§ YOUR GOAL
Please transcribe the records precisely; pictures stay out of your copy.

§ GIVEN DATA
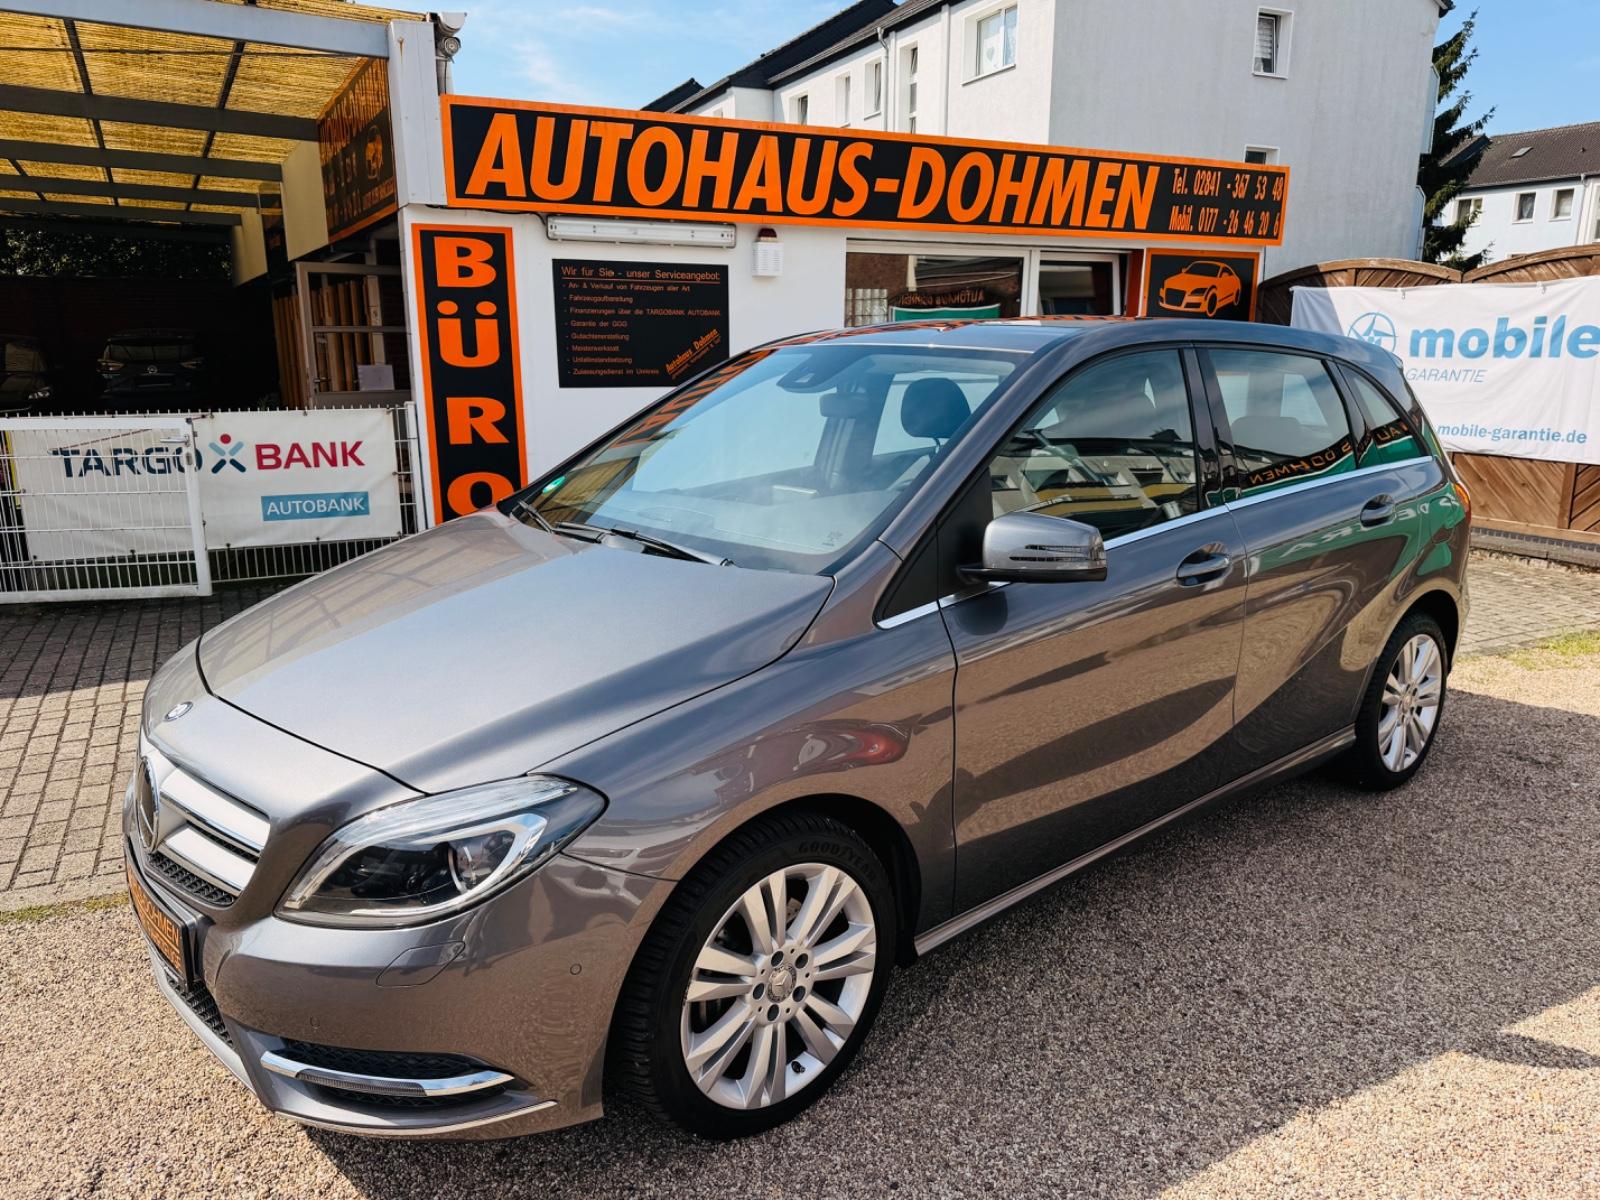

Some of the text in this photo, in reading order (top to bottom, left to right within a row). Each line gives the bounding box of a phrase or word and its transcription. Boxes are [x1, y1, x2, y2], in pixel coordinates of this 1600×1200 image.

[465, 112, 1160, 230] AUTOHAUS-DOHMEN
[1172, 168, 1188, 194] Tel.
[1193, 169, 1222, 196] 02841
[1254, 175, 1267, 200] 53
[1168, 204, 1193, 232] Mobil.
[1198, 206, 1219, 232] 0177
[1243, 210, 1255, 235] 46
[1258, 211, 1270, 236] 20
[561, 266, 577, 276] Wir
[581, 266, 594, 277] für
[599, 267, 613, 277] Sie
[626, 270, 650, 278] unser
[687, 309, 720, 317] AUTOBANK
[1409, 314, 1600, 359] mobile
[434, 236, 515, 516] BÜRO
[1407, 367, 1487, 383] GARANTIE
[255, 440, 365, 471] BANK
[266, 497, 365, 516] AUTOBANK
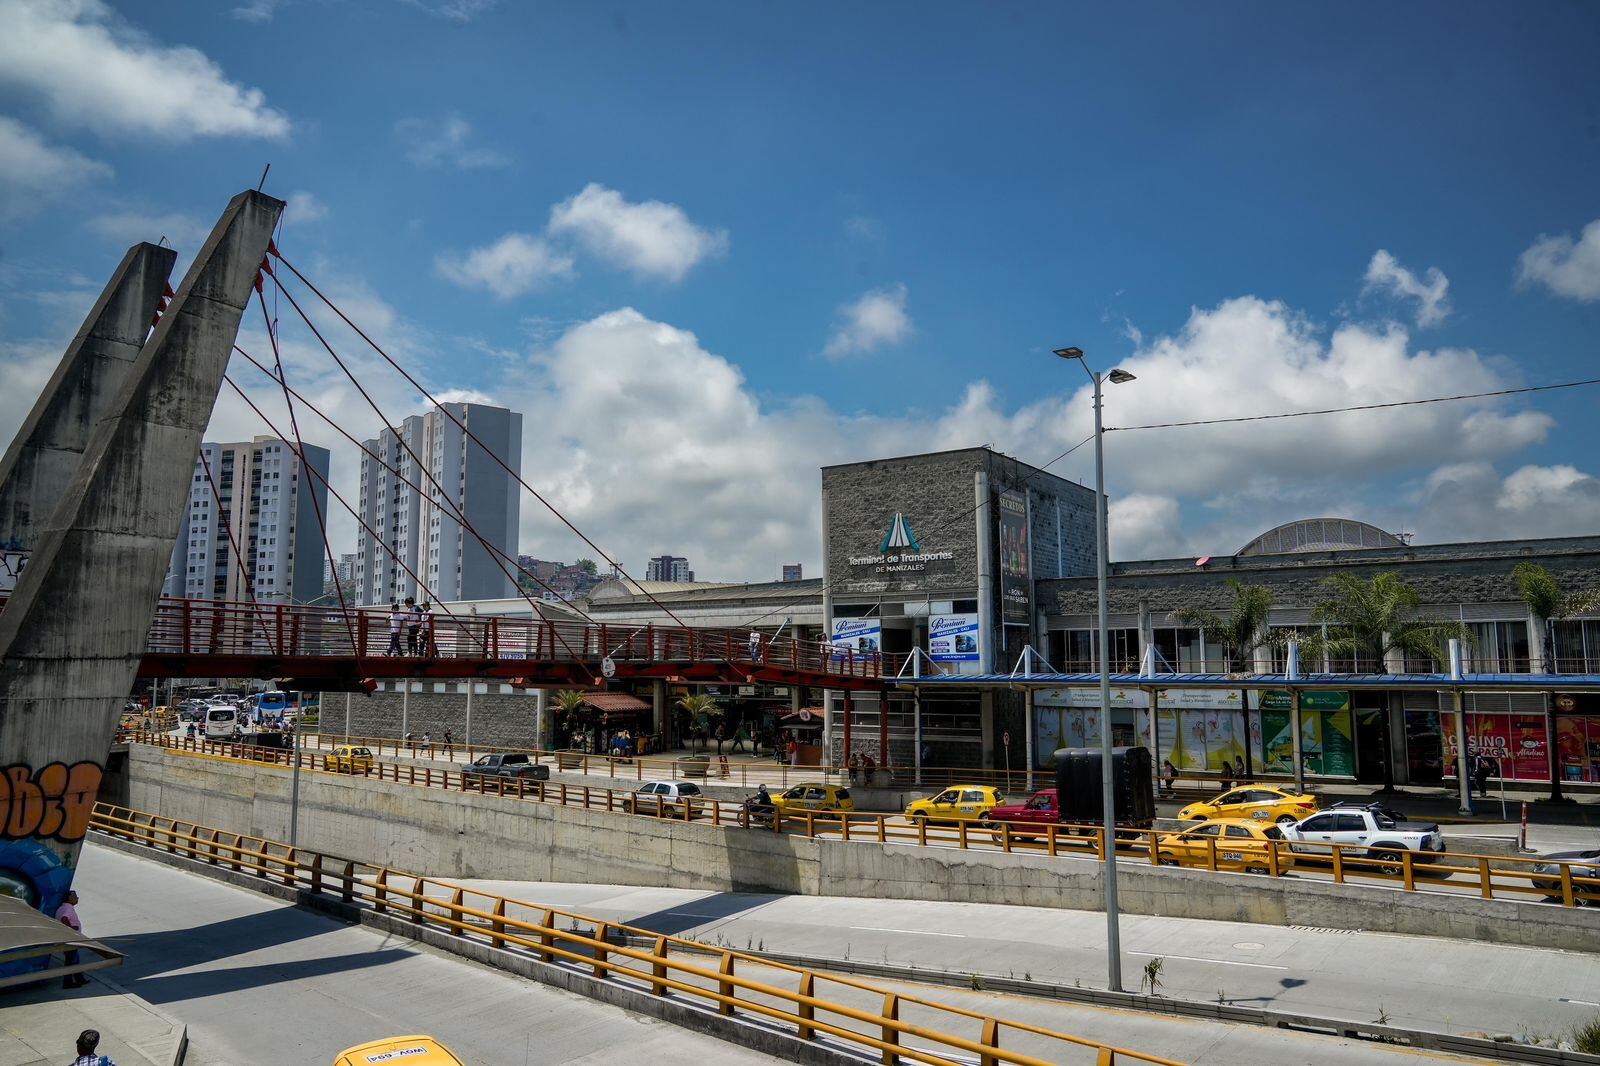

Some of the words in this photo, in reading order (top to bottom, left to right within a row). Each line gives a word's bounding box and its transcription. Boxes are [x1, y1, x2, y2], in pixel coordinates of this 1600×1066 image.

[1000, 497, 1025, 513] SECRETOS
[848, 555, 885, 566] Terminal
[887, 555, 899, 564] de
[900, 551, 953, 563] Transportes
[886, 563, 925, 572] MANIZALES
[835, 620, 867, 633] Premium
[932, 617, 966, 632] Premium
[1448, 735, 1506, 748] CSINO
[1451, 746, 1475, 758] MS
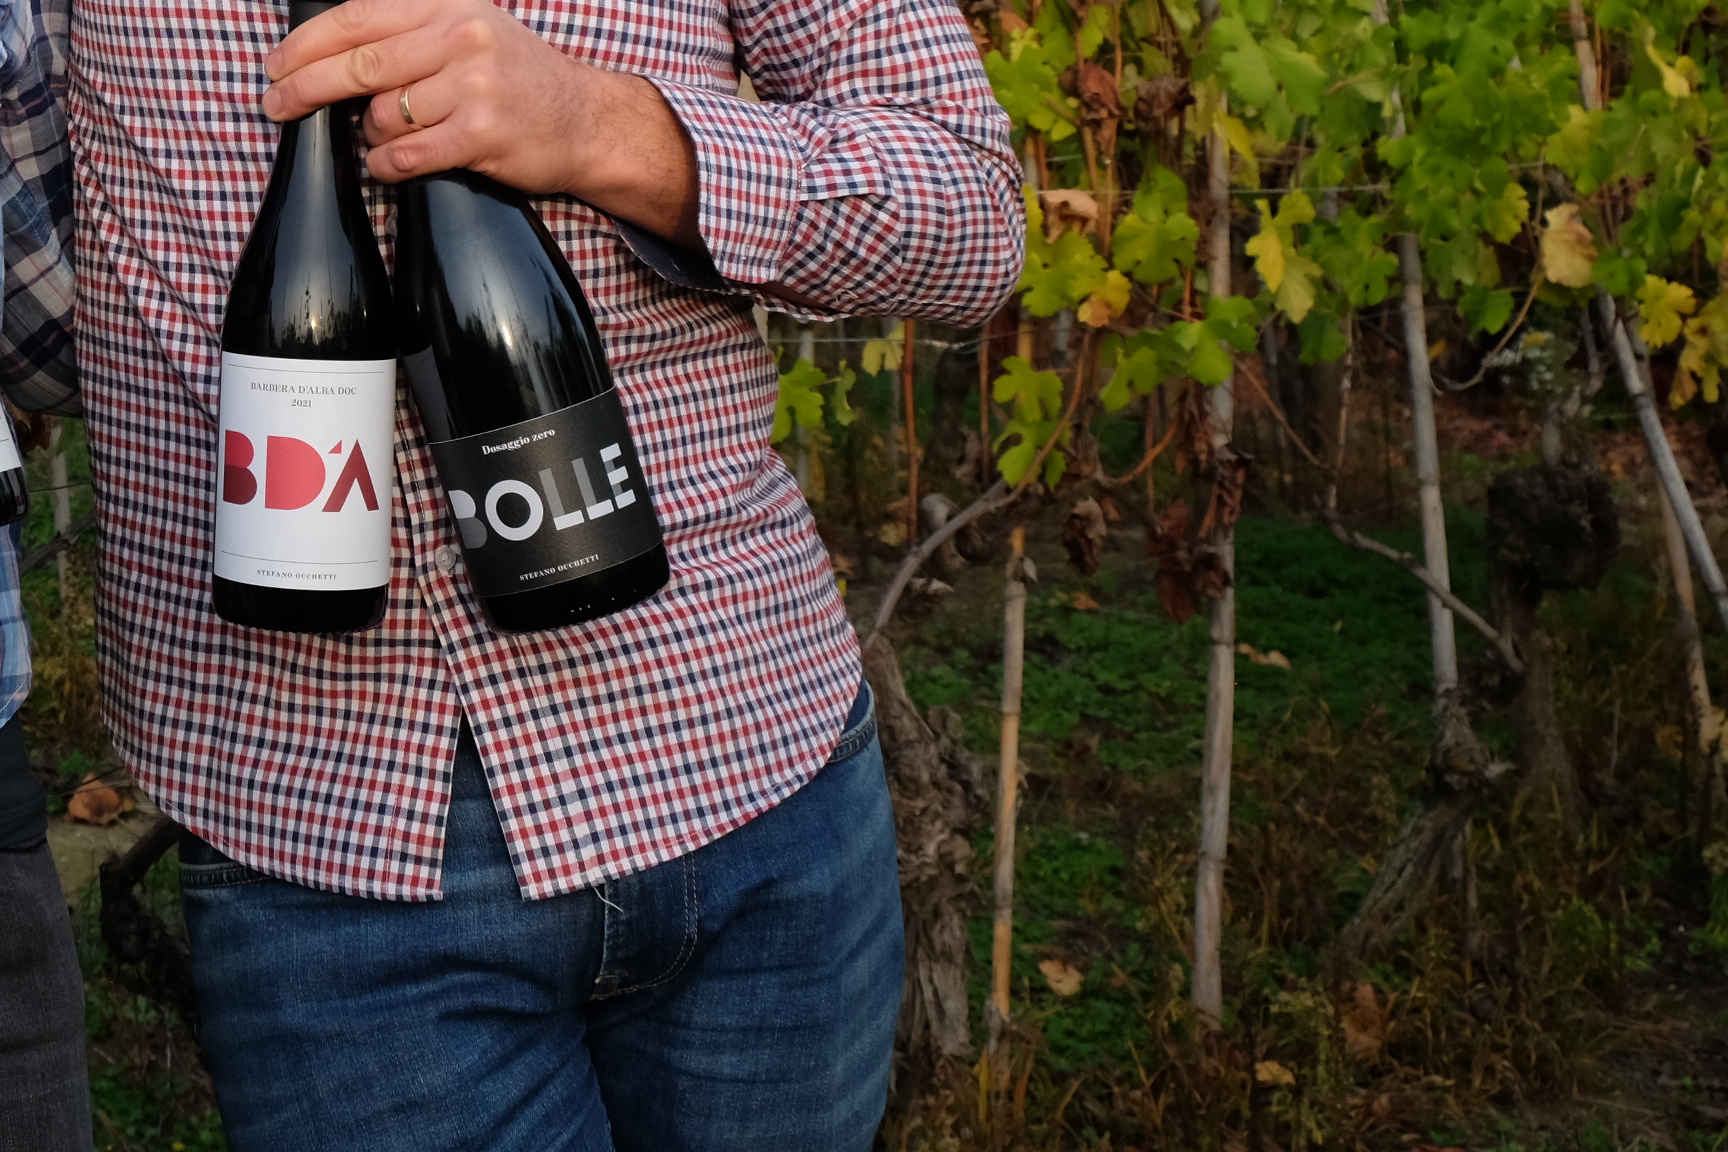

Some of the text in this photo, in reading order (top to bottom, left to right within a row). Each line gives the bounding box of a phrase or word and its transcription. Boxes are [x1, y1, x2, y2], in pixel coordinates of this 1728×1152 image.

§ ANSWER TO THIS TASK
Some of the text in this photo, in reading order (top to bottom, left to right within a row). Each line gives the bounding box of a phrase or word and its transcription. Boxes are [x1, y1, x2, y2], in pixel coordinates of this 1600×1200 image.

[465, 112, 1160, 230] AUTOHAUS-DOHMEN
[1172, 168, 1188, 194] Tel.
[1193, 169, 1222, 196] 02841
[1254, 175, 1267, 200] 53
[1168, 204, 1193, 232] Mobil.
[1198, 206, 1219, 232] 0177
[1243, 210, 1255, 235] 46
[1258, 211, 1270, 236] 20
[561, 266, 577, 276] Wir
[581, 266, 594, 277] für
[599, 267, 613, 277] Sie
[626, 270, 650, 278] unser
[687, 309, 720, 317] AUTOBANK
[1409, 314, 1600, 359] mobile
[434, 236, 515, 516] BÜRO
[1407, 367, 1487, 383] GARANTIE
[255, 440, 365, 471] BANK
[266, 497, 365, 516] AUTOBANK

Some of the words in this photo, in reading order (top to bottom, left to right within a row). Each line gives a word's bounding box and its transcription. Boxes are [x1, y1, x2, y2], in pixel coordinates of this 1600×1066 image.

[1000, 497, 1025, 513] SECRETOS
[848, 555, 885, 566] Terminal
[887, 555, 899, 564] de
[900, 551, 953, 563] Transportes
[886, 563, 925, 572] MANIZALES
[835, 620, 867, 633] Premium
[932, 617, 966, 632] Premium
[1448, 735, 1506, 748] CSINO
[1451, 746, 1475, 758] MS

Some of the text in this photo, in reading order (top to bottom, left to right within a row). Each line gives the bounding box of a phrase or word and its transcription. Boxes are [x1, y1, x2, y2], in pixel coordinates of this 1728×1152 image.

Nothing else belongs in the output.